▶ **Your instructions**: Each line from the one holding "this 1000×1000 image." to the end of the data below must be output verbatim, with no other lines.
===== Records shown
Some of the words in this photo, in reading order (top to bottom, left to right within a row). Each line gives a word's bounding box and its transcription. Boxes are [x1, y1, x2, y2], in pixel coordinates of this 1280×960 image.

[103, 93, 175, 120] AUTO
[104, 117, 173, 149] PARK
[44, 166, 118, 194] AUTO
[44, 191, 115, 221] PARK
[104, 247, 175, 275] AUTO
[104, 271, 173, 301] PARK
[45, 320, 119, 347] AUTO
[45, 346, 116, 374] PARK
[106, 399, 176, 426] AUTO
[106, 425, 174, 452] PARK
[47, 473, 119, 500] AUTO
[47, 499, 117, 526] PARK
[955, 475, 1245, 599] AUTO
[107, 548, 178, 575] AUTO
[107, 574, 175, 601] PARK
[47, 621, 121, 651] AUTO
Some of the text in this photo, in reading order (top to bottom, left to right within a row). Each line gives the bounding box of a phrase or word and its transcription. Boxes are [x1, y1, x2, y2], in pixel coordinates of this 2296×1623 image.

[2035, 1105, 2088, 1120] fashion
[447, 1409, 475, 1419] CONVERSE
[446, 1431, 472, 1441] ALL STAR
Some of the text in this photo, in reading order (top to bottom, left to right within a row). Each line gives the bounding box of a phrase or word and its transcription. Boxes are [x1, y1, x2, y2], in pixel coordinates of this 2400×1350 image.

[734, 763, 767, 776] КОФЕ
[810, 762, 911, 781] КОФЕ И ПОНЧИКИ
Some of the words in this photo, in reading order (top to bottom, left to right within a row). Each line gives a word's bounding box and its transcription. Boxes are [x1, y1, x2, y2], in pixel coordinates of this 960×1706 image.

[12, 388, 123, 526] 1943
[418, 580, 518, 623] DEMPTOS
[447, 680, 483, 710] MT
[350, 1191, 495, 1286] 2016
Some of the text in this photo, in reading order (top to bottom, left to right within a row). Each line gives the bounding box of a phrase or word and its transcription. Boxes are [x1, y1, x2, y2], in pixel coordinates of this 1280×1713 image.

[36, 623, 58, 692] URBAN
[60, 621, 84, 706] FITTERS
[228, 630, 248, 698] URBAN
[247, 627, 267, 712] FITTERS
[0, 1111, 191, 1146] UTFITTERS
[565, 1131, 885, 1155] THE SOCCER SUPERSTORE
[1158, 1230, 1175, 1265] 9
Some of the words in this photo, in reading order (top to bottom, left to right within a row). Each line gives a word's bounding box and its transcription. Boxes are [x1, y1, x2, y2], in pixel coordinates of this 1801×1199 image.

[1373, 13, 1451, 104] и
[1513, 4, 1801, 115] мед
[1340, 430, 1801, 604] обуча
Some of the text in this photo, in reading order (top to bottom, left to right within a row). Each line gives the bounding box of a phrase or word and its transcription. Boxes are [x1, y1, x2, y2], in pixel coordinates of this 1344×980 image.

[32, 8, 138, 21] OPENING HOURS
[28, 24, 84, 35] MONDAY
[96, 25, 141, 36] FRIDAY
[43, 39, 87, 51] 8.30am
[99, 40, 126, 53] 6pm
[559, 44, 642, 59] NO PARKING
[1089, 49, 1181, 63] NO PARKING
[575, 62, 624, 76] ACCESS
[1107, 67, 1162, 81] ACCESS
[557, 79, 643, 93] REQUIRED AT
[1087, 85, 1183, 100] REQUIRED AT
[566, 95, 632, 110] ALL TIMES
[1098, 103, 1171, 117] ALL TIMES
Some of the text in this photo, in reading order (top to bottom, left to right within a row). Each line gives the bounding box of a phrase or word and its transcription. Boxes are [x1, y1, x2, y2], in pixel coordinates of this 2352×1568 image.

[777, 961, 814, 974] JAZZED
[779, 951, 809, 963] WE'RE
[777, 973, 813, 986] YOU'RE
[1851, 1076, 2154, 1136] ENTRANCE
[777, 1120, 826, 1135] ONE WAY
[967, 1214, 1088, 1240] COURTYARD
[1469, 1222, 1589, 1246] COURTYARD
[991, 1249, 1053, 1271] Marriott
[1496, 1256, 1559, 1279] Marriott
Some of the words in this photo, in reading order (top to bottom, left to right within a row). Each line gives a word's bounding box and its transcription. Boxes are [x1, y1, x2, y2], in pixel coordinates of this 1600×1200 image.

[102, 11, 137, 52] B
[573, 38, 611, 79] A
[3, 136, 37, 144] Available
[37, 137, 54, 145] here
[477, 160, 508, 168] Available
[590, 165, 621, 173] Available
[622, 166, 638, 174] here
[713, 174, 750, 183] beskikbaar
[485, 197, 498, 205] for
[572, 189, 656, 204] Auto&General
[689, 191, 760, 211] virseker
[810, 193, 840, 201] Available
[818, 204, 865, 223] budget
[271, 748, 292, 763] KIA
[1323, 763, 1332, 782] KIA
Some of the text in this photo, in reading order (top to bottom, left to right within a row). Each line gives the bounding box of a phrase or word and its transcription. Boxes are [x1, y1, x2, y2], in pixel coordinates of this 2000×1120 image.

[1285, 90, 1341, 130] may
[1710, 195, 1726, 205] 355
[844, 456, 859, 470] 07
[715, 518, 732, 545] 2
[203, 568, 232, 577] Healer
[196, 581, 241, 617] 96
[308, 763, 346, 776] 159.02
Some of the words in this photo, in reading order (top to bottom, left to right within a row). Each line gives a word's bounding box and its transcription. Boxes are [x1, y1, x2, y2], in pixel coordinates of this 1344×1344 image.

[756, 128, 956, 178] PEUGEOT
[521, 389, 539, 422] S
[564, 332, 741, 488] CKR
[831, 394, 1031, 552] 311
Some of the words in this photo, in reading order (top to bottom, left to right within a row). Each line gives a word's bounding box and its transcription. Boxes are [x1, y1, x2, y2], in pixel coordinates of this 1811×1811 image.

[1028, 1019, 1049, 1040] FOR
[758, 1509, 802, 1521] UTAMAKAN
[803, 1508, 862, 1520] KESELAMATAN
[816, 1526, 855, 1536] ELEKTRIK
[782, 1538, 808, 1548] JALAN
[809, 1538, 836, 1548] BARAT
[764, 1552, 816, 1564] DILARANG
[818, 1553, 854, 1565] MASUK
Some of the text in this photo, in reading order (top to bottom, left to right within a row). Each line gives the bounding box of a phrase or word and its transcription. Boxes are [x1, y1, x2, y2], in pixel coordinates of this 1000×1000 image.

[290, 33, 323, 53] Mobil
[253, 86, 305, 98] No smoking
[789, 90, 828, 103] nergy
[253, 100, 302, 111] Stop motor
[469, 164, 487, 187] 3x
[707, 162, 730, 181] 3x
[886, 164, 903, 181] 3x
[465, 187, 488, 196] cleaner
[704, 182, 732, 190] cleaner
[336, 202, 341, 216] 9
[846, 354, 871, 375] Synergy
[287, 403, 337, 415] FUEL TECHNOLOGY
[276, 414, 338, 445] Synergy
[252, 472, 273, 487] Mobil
==========
▶ **Response for this exercise**:
Some of the text in this photo, in reading order (top to bottom, left to right within a row). Each line gives the bounding box of a phrase or word and its transcription. Boxes are [x1, y1, x2, y2], in pixel coordinates of this 1000×1000 image.

[290, 33, 323, 53] Mobil
[253, 86, 305, 98] No smoking
[789, 90, 828, 103] nergy
[253, 100, 302, 111] Stop motor
[469, 164, 487, 187] 3x
[707, 162, 730, 181] 3x
[886, 164, 903, 181] 3x
[465, 187, 488, 196] cleaner
[704, 182, 732, 190] cleaner
[336, 202, 341, 216] 9
[846, 354, 871, 375] Synergy
[287, 403, 337, 415] FUEL TECHNOLOGY
[276, 414, 338, 445] Synergy
[252, 472, 273, 487] Mobil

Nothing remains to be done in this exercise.